Surgery is the last resort when it comes to weight loss, well behind exercising and changing your diet. But even the National Institute for Diabetes and Digestive and Kidney Diseases, in the National Institutes of Health, says that severe obesity is a chronic condition hard to treat solely through diet and exercise.
Weight loss surgery is not approved for those under 18. And there are standards and restrictions for adults, based on guidelines set forth by the NIH in the early 1990s, according to Dr. O. Layton Alldredge, a surgeon at Alta View Hospital.
One must be twice the ideal body weight or 100 pounds over that ideal weight, or have a body mass index greater than 40. Someone who has type 2 diabetes or life-threatening heart or lung problems, such as severe sleep apnea or heart disease, could be a surgical candidate with a BMI between 35 and 40.
Alldredge and his colleague Dr. Darrin Hansen will be featured Saturday at the Deseret Morning News/Intermountain Health Care Hotline on weight loss and surgical options. From 10 a.m. to noon, the duo will answer phoned-in questions. All calls are confidential.
The list of medical problems that are related to being overweight is a lengthy one: High blood pressure, high cholesterol, joint disease, increased risk of stroke and certain types of cancers, infertility, gastroesophageal reflux, gall bladder disease and quality of life issues like depression and poor self-image are just some of them.

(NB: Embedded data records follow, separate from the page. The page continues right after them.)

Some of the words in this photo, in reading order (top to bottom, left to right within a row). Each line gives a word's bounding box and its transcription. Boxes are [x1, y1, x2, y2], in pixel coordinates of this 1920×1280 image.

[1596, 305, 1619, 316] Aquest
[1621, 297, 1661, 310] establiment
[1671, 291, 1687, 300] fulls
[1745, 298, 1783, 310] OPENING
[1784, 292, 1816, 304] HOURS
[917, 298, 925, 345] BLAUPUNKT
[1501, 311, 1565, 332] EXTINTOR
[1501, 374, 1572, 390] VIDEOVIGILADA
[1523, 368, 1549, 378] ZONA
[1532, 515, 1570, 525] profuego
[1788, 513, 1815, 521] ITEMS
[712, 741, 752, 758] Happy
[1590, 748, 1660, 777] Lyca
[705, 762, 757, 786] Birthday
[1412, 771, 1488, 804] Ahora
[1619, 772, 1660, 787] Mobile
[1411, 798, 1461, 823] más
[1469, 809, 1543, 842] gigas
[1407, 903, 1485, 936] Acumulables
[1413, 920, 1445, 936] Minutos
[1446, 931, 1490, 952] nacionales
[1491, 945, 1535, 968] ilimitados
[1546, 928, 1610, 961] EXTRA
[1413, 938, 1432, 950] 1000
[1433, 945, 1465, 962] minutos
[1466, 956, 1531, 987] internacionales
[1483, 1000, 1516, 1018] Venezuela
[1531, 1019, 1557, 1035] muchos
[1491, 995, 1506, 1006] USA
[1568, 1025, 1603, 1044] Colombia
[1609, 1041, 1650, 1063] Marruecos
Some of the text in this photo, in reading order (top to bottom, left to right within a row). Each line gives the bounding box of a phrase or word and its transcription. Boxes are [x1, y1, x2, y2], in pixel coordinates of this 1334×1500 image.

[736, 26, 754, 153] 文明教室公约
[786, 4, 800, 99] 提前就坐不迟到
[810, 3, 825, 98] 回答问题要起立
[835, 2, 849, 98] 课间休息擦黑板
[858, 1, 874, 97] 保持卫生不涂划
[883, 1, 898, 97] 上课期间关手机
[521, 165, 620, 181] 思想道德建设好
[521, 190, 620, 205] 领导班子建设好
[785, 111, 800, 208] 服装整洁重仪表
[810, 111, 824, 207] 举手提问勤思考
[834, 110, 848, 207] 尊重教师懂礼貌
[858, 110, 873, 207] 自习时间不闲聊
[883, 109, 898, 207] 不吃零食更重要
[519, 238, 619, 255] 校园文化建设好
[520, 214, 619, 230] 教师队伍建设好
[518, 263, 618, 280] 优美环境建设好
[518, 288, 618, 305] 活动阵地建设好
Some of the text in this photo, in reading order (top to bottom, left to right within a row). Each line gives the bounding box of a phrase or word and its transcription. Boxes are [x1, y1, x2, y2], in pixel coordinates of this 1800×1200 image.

Severely overweight people are at much greater risk of dying prematurely.
Given those illnesses and their human and financial toll, it's no surprise that studies have shown that the overall health care dollars spent on patients who have a weight-reduction operation, including the cost of the operation, are about the same as those who don't have such an operation but are severely overweight, Alldredge said.
Research has found that only 10 percent of people are able to maintain a diet after a year. For people who are morbidly obese, about 100 pounds or more overweight, most diet programs will not get them out of the high-risk category. They simply don't lose enough weight to not have the complications of obesity.
"Surgery is the last effort," Hansen added. "Any weight loss surgery is primarily for those people who have been unable to lose weight by any other means."